What is the role of the OS? • Role #2: Resource coordinator (I.e., manager) • Advantages of resource coordinator • Virtualize resources so multiple users or applications can share • Protect applications from one another • Provide efficient and fair access to resources • Challenges • What are the correct mechanisms? • What are the correct policies?

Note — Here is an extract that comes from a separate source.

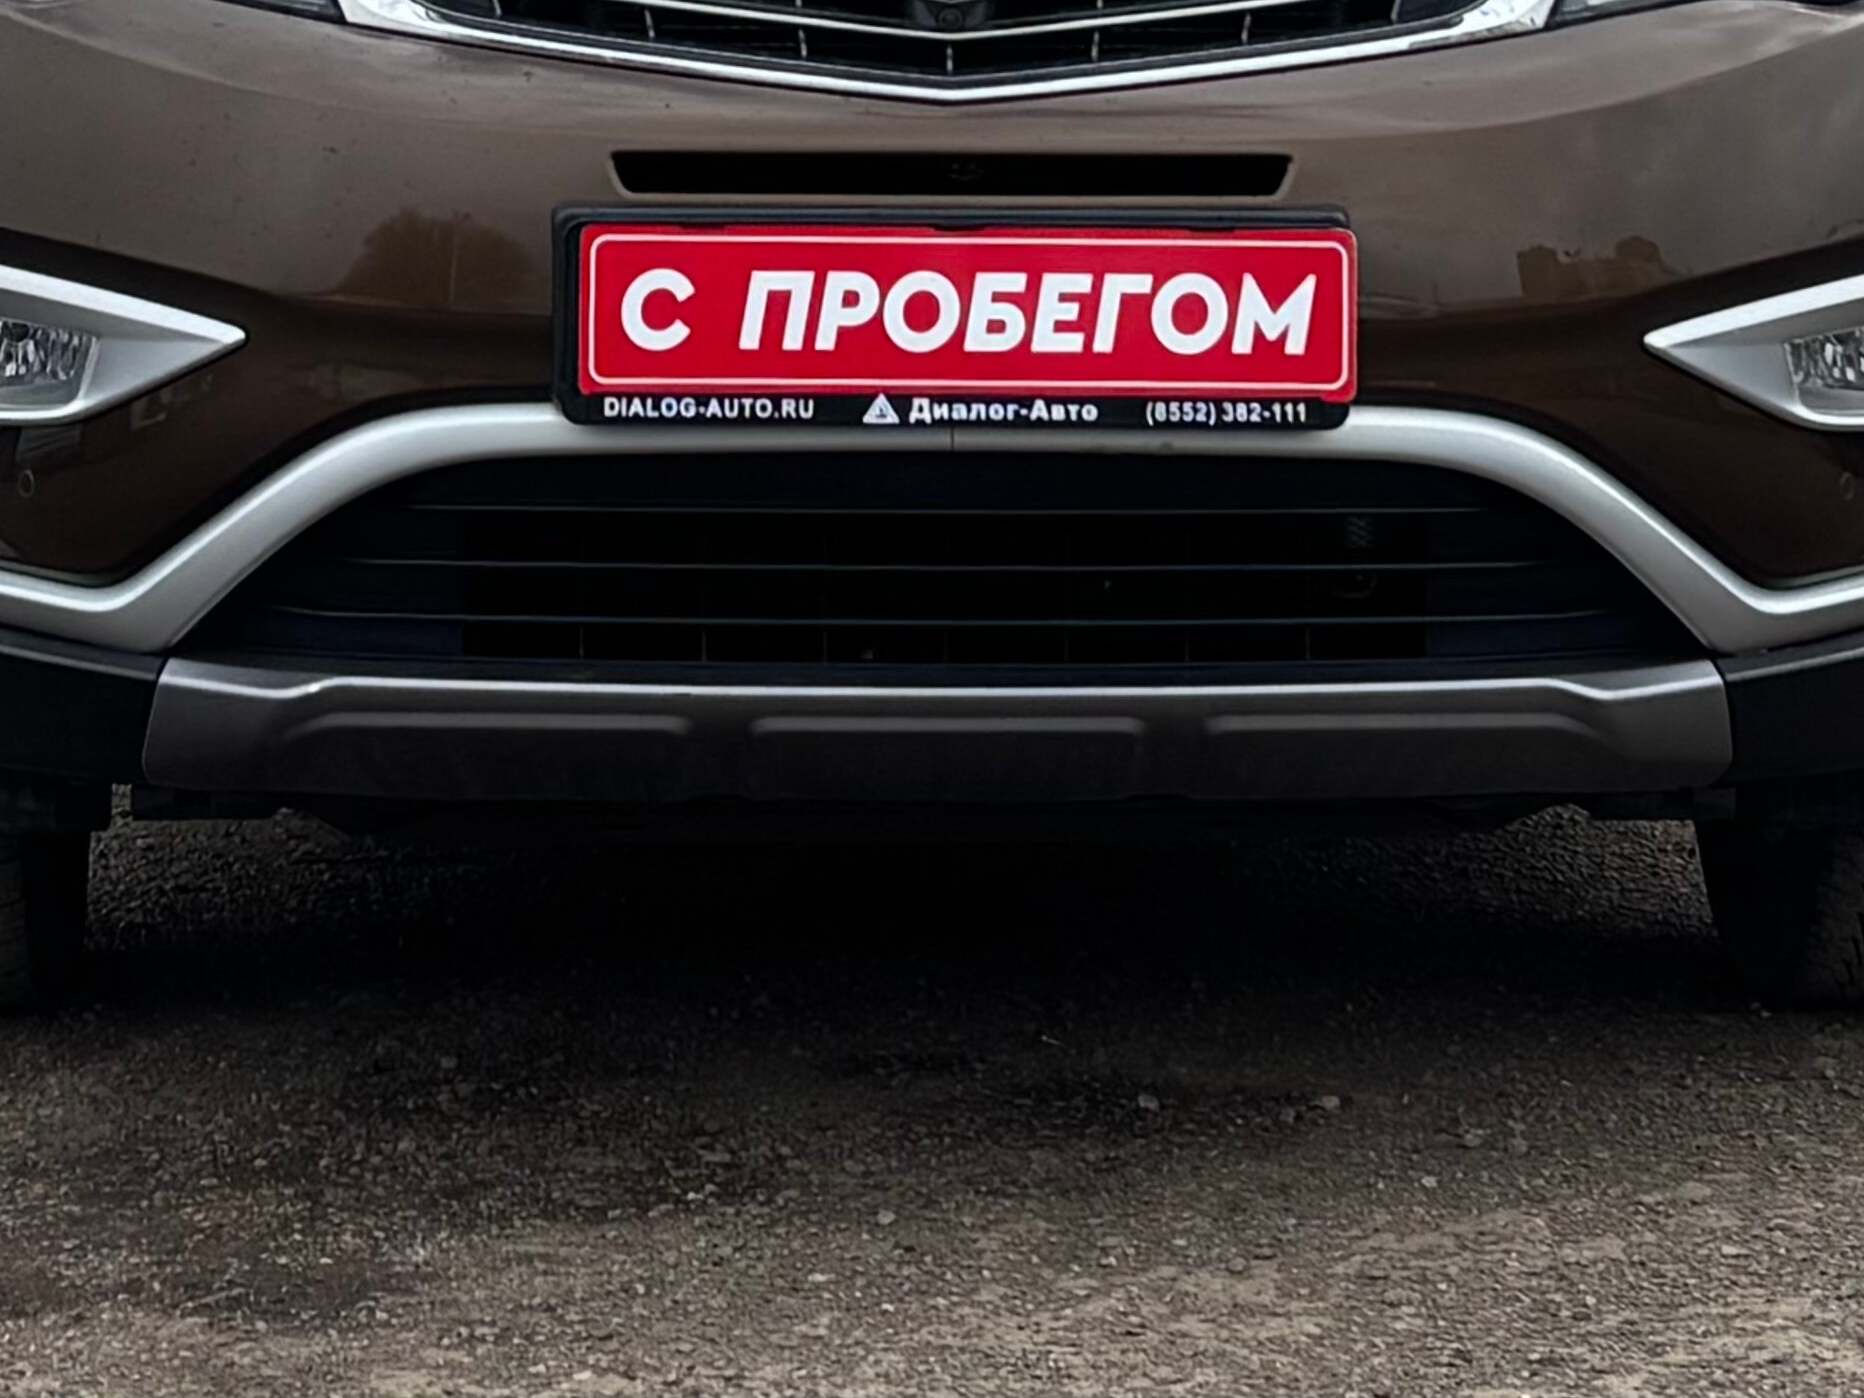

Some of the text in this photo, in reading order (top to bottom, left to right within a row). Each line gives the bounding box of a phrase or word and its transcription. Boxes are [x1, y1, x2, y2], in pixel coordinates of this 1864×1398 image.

What Functionality belongs in OS? • No single right answer • Desired functionality depends on outside factors • OS must adapt to both user expectations and technology changes • Change abstractions provided to users • Change algorithms to implement those abstractions • Change low-level implementation to deal with hardware • Current operating systems driven by evolution
History of the OS • Two distinct phases of history • Phase 1: Computers are expensive • Goal: Use computer’s time efficiently • Maximize throughput (I.e., jobs per second) • Maximize utilization (I.e., percentage busy) • Phase 2: Computers are inexpensive • Goal: Use people’s time efficiently • Minimize response time
First commercial systems • 1950s Hardware • Enormous, expensive, and slow • Input/Output: Punch cards and line printers • Goal of OS • Get the hardware working • Single operator/programmer/user runs and debugs interactively • OS Functionality • Standard library only (no sharing or coordination of resources) • Monitor that is always resident; transfer control to programs
First commercial systems • Advantages • Worked and allowed interactive debugging • Problems • Inefficient use of hardware (throughput and utilization)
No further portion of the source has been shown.